Cancer Research and Cell Biology experts said they found the non-cancerous tissue, or "stroma", surrounding cancers of the throat and cervix plays an important role in regulating the spread of cancer.
Queen's believes this opens the door for the development of new treatments targeting the non-cancerous tissue to help prevent it being invaded by neighbouring cancer cells.
Professor Dennis McCance, who led the research, said: "Cancer spreads as the result of two-way communication between the cancer cells in a tumour and the non-cancerous cells in the surrounding tissue. We already know that cancer cells are intrinsically programmed to invade neighbouring healthy tissue, but the cells in the non-cancerous tissue are also programmed to send messages to the cancer cells, actively encouraging them to invade.

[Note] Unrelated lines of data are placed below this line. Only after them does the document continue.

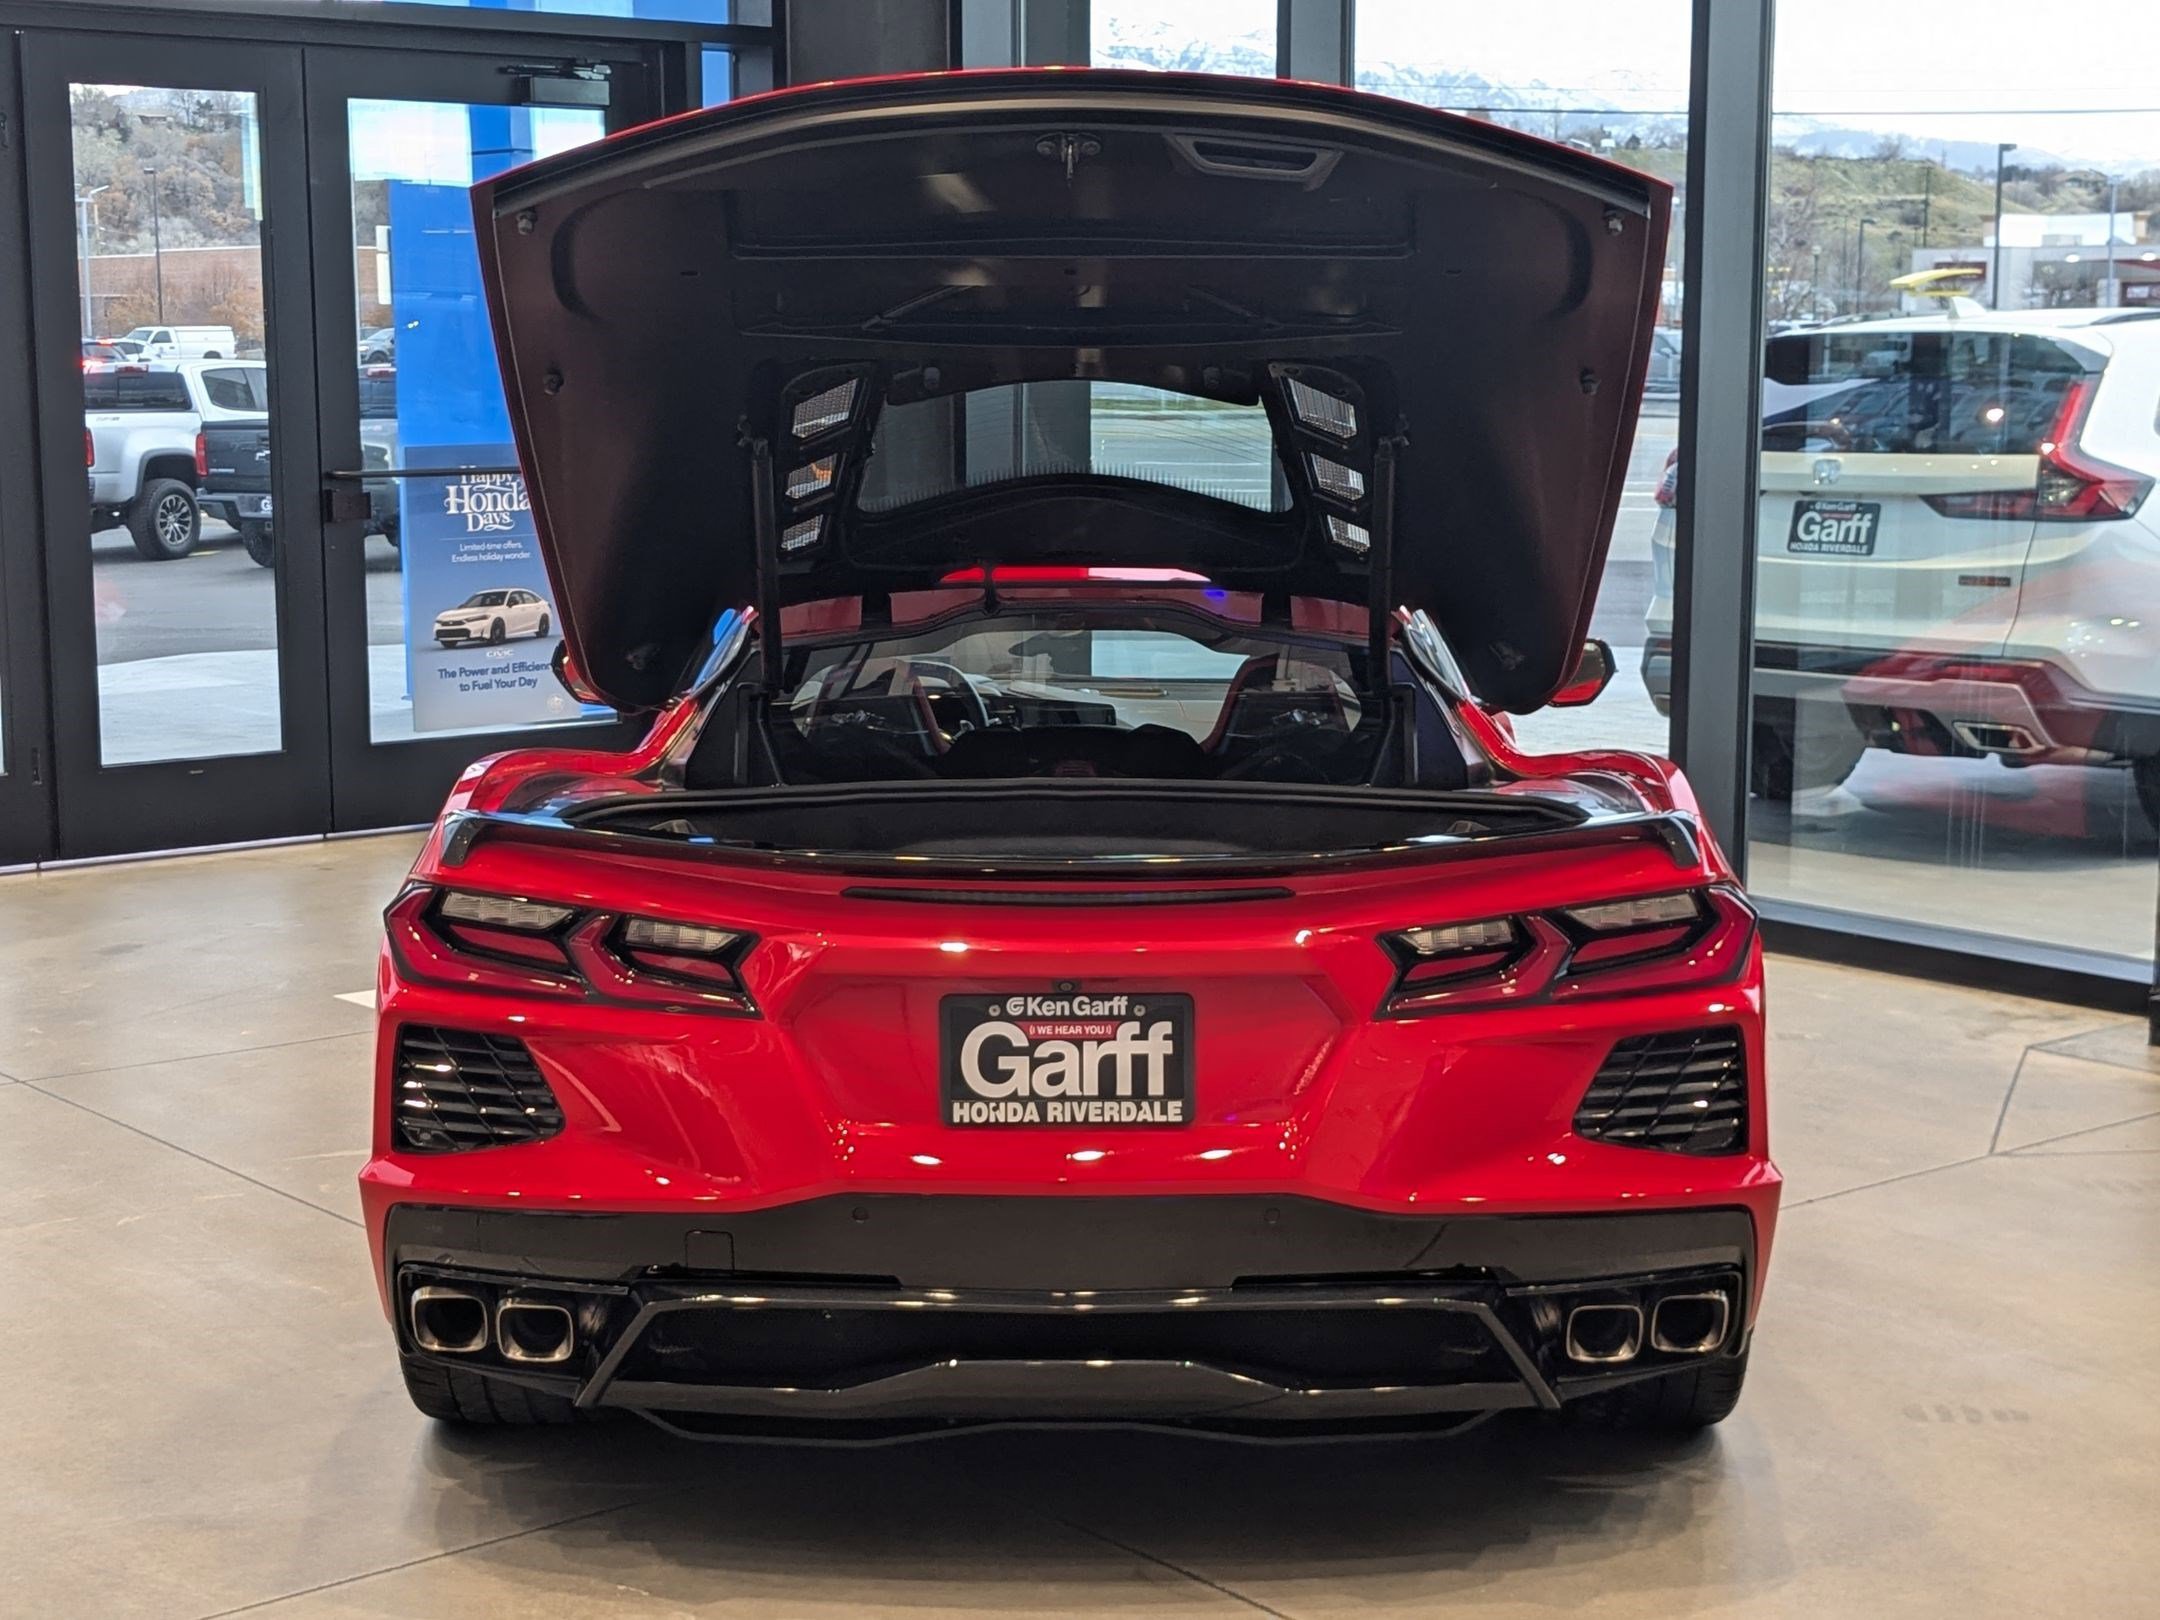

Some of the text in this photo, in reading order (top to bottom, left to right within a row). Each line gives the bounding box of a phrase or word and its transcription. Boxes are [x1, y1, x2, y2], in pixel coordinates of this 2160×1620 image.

[444, 482, 531, 514] Honda
[467, 512, 515, 532] Days
[1797, 511, 1873, 543] Garff
[438, 661, 551, 679] The Power and Efficienc
[459, 677, 538, 692] to Fuel Your Day
[1027, 996, 1070, 1016] Ken
[1072, 996, 1129, 1016] Garff
[1037, 1024, 1106, 1035] WE HEAR YOU
[961, 1021, 1173, 1098] Garff
[953, 1101, 1182, 1123] HONDA RIVERDALE

"If these messages - sent from the healthy tissue to the tumour - can be switched-off, then the spread of the cancer will be inhibited. What we have discovered is that a particular protein in non-cancerous tissue has the ability to either open or close the communication pathway between the healthy tissue and the tumour. When the Retinoblastoma protein (Rb) in non-cancerous tissue is activated, this leads to a decrease in factors that encourage invasion by cancer cells. And so, the cancer doesn't spread."
The research was published in the European Molecular Biology Organisation Journal. Queen's said the Rb protein is found in both cancer and non-cancerous tissue, and that its importance in regulating the growth of cancer cells from within tumours is already well-documented. But it said this is the first time scientists have identified the role of the Rb found in healthy tissue, in encouraging or discouraging the spread of cancer.
The research was conducted using three-dimensional tissue samples, grown in Professor McCance's lab, to replicate the stroma tissue found around cancers of the throat and cervix.
Speaking about the potential implications for cancer treatment, Professor McCance said: "Current treatments for cancer focus on targeting the tumour itself, in order to kill the cancer cells before they spread.
"This discovery opens the door for us to develop new treatments that would target the normal tissue surrounding a tumour, as opposed to the tumour itself. By specifically targeting pathways controlled by the Rb protein, it would be possible to switch off the messages that encourage cancer cells to invade, and inhibit the spread of the tumour."